··· DATA UNDER STUDY

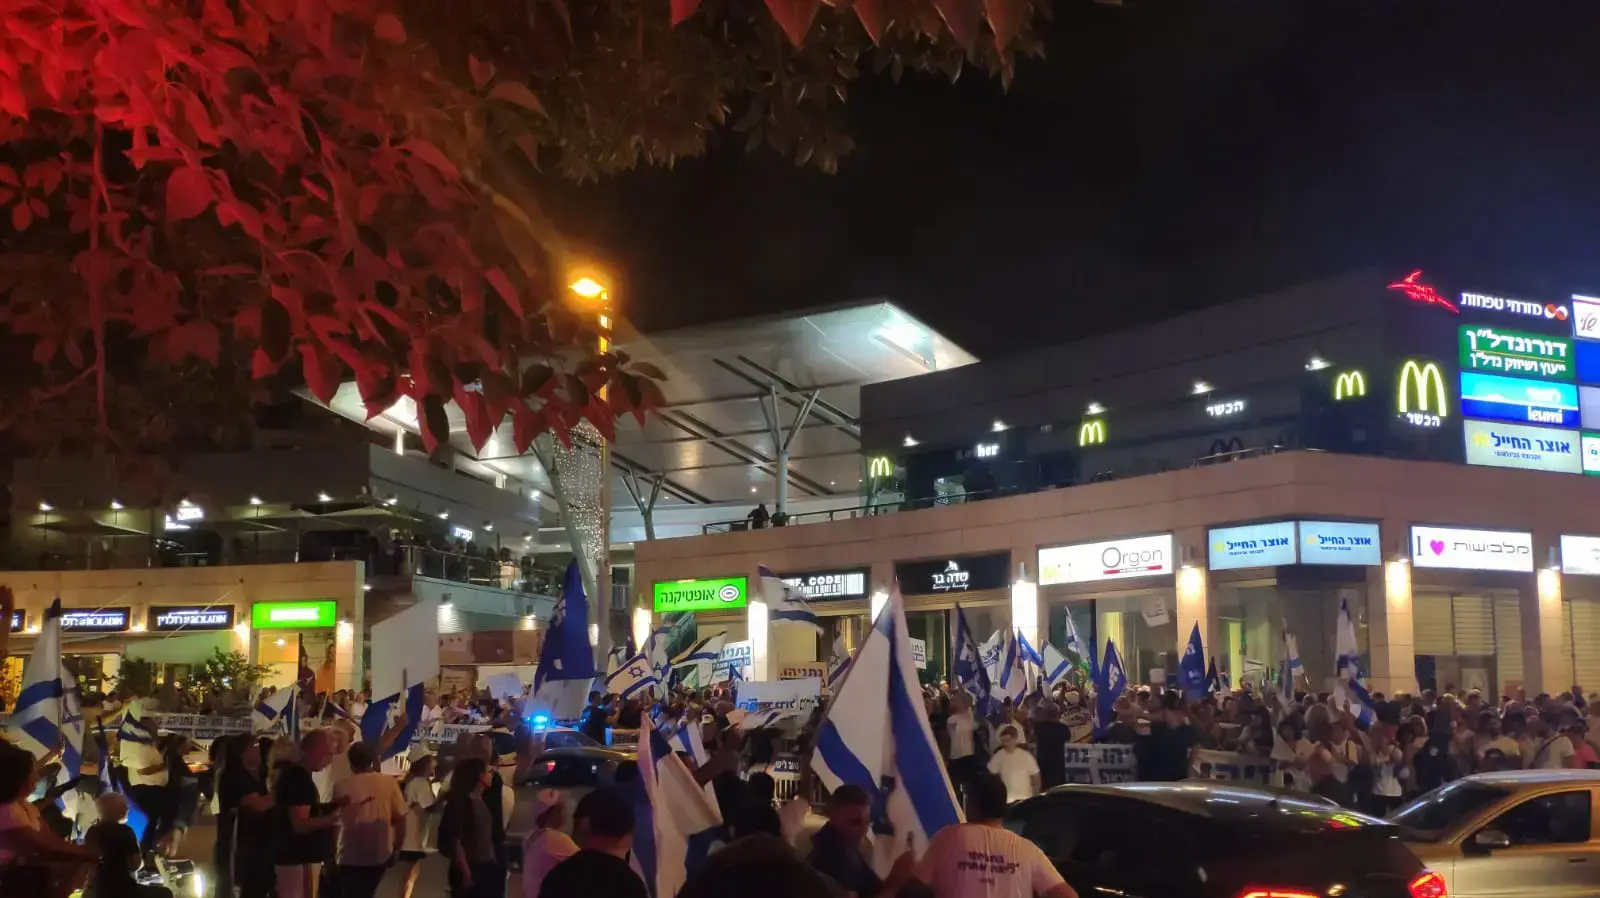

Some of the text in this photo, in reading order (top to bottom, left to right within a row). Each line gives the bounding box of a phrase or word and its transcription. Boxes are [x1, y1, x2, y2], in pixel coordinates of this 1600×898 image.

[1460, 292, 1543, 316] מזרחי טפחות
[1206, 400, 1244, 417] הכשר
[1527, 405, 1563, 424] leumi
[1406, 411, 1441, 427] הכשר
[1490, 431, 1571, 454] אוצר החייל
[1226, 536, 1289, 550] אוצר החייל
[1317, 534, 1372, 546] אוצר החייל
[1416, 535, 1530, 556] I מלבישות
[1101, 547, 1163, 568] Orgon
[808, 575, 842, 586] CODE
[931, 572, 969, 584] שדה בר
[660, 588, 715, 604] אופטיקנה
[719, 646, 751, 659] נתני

······

- _EXERCISE PROMPT_:
Copy the records exactly. Skip the pictures.

- _ANSWER SECTION_:
Some of the text in this photo, in reading order (top to bottom, left to right within a row). Each line gives the bounding box of a phrase or word and its transcription. Boxes are [x1, y1, x2, y2], in pixel coordinates of this 1600×898 image.

[1460, 292, 1543, 316] מזרחי טפחות
[1206, 400, 1244, 417] הכשר
[1527, 405, 1563, 424] leumi
[1406, 411, 1441, 427] הכשר
[1490, 431, 1571, 454] אוצר החייל
[1226, 536, 1289, 550] אוצר החייל
[1317, 534, 1372, 546] אוצר החייל
[1416, 535, 1530, 556] I מלבישות
[1101, 547, 1163, 568] Orgon
[808, 575, 842, 586] CODE
[931, 572, 969, 584] שדה בר
[660, 588, 715, 604] אופטיקנה
[719, 646, 751, 659] נתני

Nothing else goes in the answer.